[Task inputs Boundary: Start]

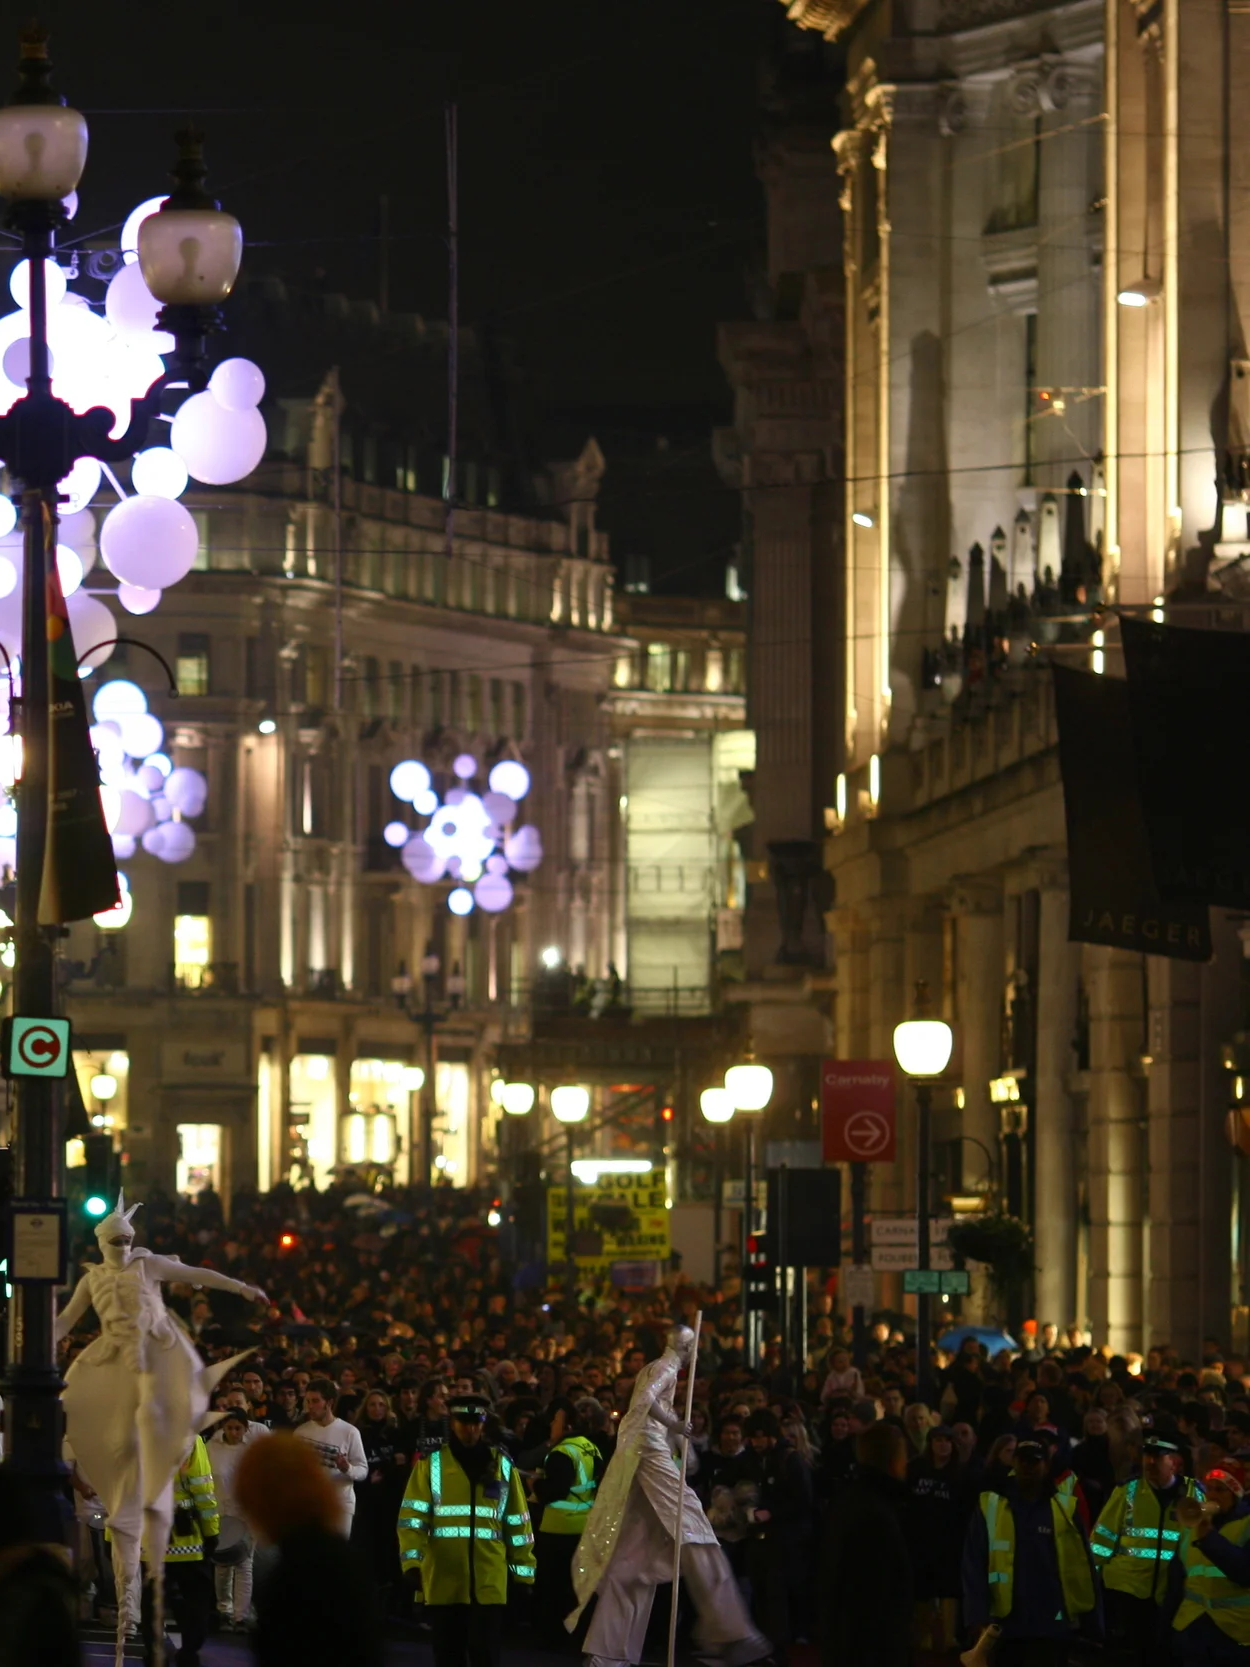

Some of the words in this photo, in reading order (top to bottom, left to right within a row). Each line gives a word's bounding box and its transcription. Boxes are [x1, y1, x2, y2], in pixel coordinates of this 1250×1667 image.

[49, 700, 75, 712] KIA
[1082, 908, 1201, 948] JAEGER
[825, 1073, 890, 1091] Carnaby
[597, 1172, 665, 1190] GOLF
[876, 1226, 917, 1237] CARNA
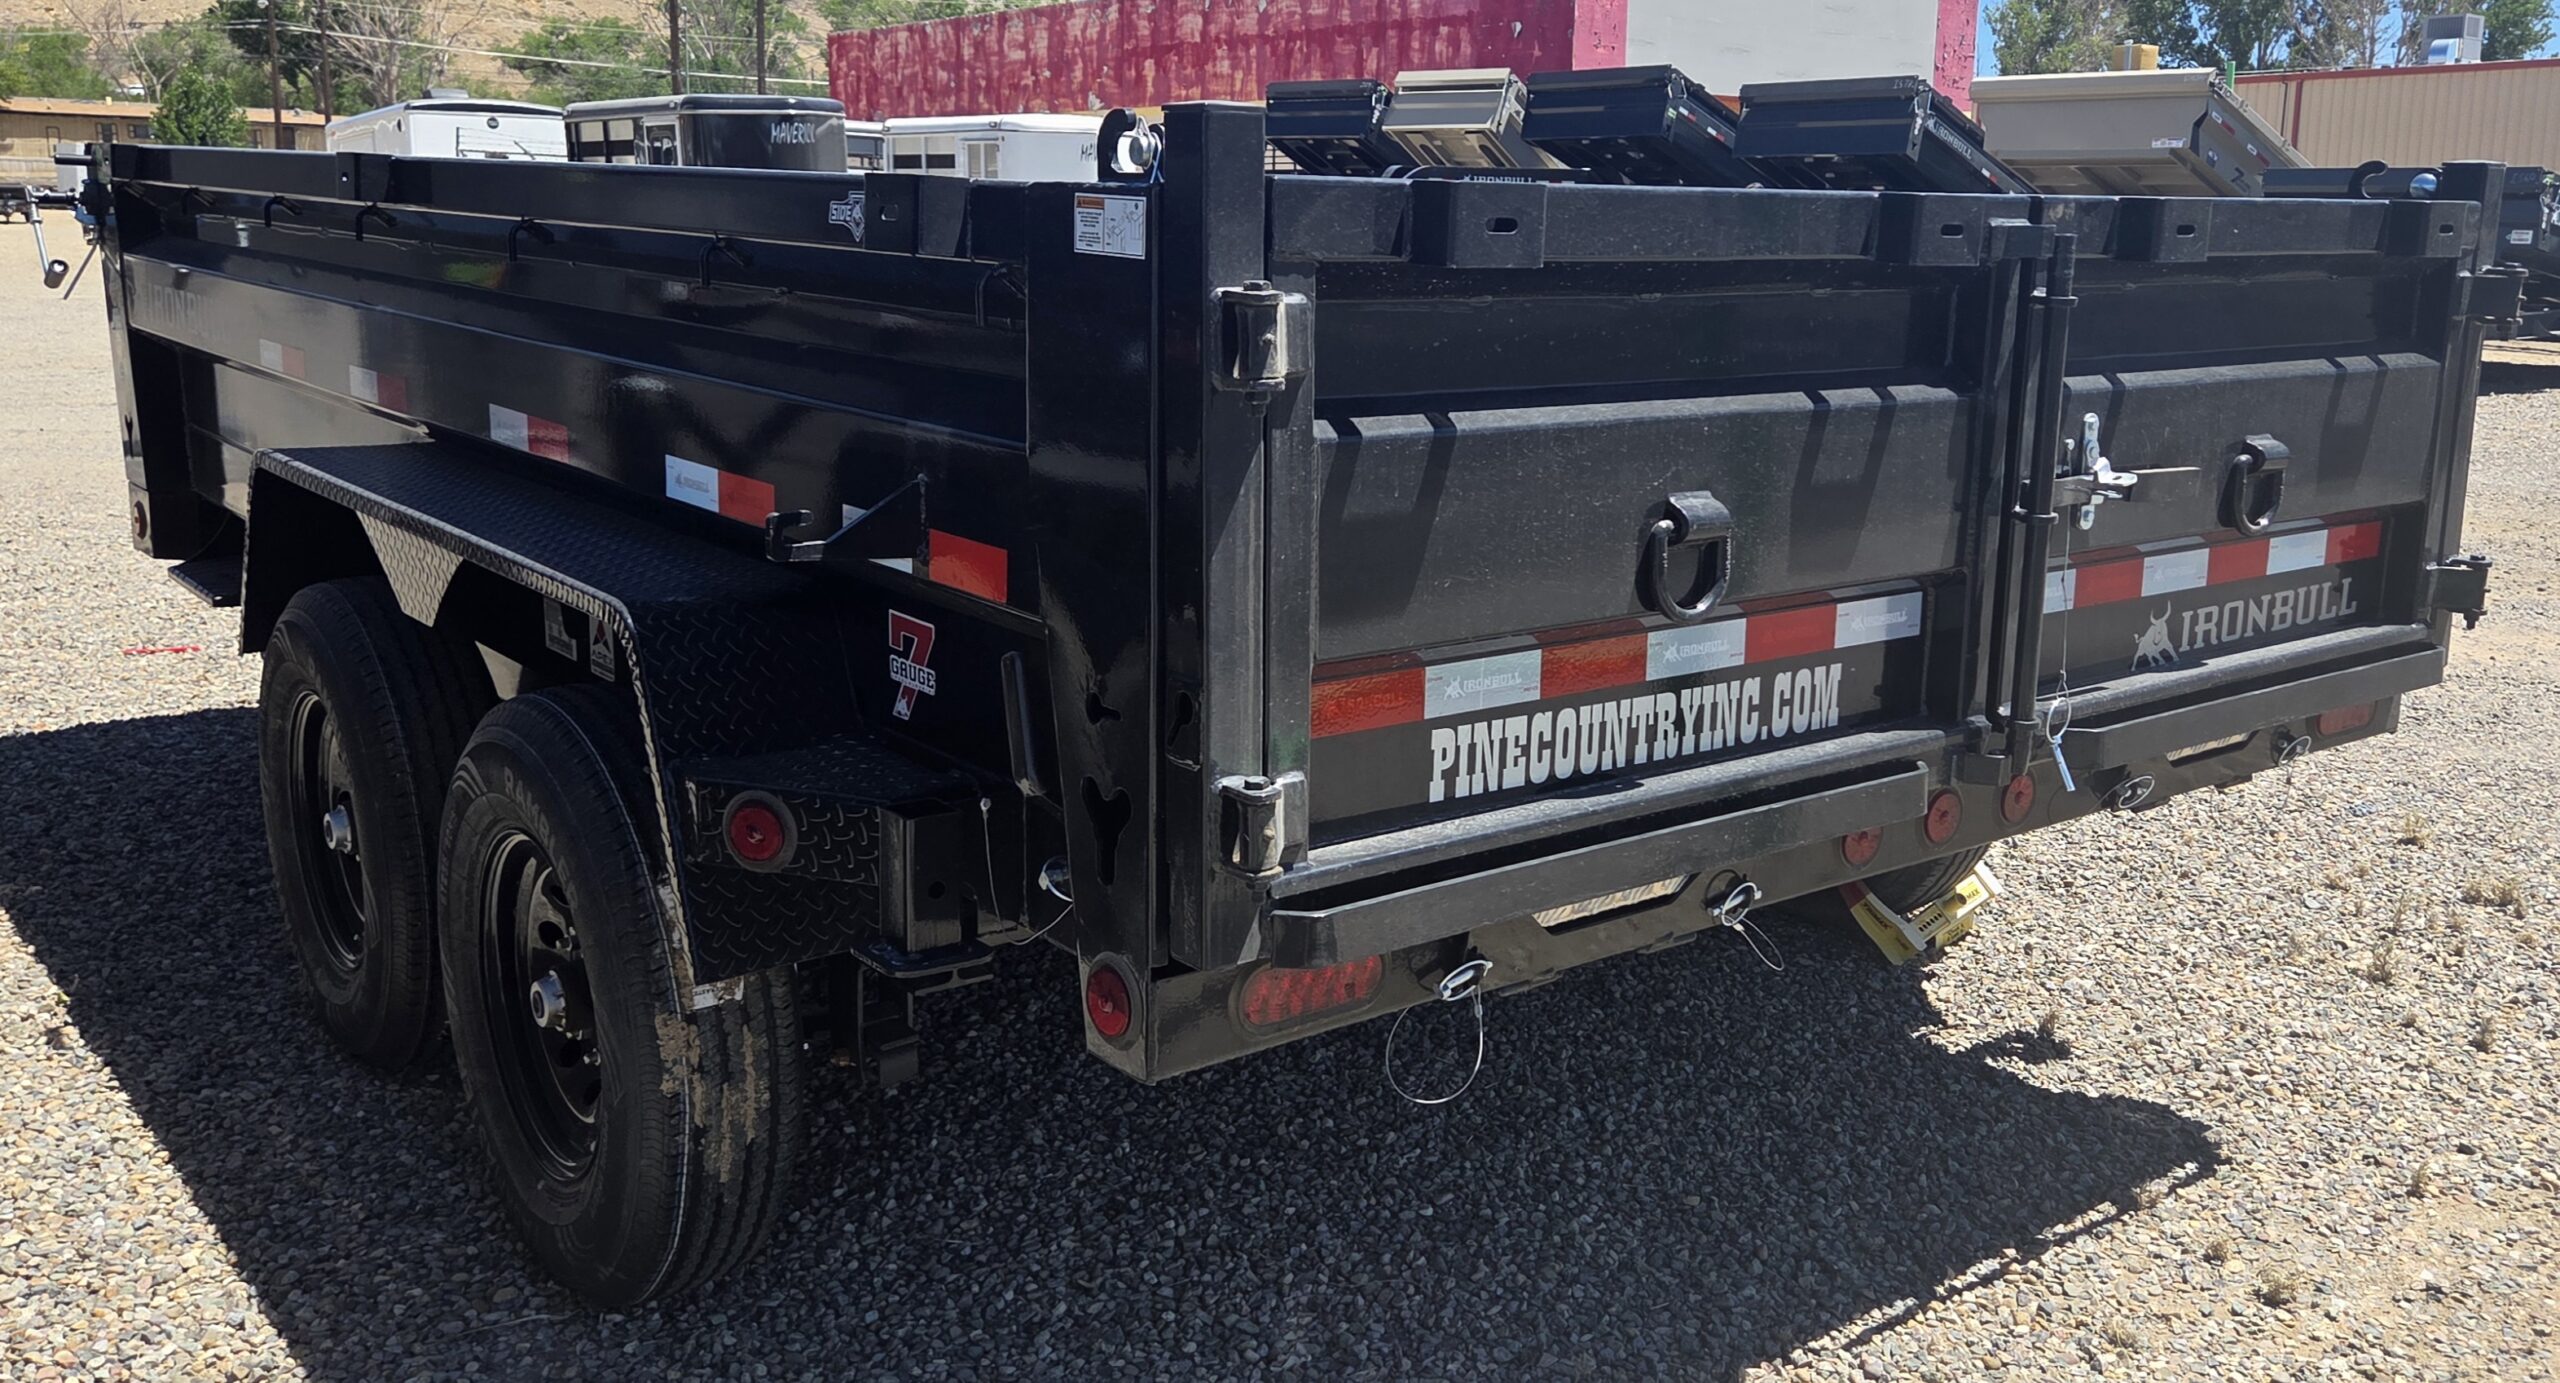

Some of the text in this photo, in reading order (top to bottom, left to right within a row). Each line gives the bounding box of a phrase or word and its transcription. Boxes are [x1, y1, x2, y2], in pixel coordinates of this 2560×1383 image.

[Task inputs Boundary: End]

Task item: Without copying the pictures, transcribe the entries exactly.

Task response:
Some of the words in this photo, in reading order (top to bottom, left to right within a row). Each line gives a word's bounding box and its transcription. Boxes are [x1, y1, x2, y2], in pixel coordinates of this 1250×1667 image.

[49, 700, 75, 712] KIA
[1082, 908, 1201, 948] JAEGER
[825, 1073, 890, 1091] Carnaby
[597, 1172, 665, 1190] GOLF
[876, 1226, 917, 1237] CARNA

Some of the text in this photo, in reading order (top to bottom, left to right within a row). Each line gives the bounding box of a phrase or word and its transcription. Boxes are [x1, y1, x2, y2], in pixel coordinates of this 2560×1383 image.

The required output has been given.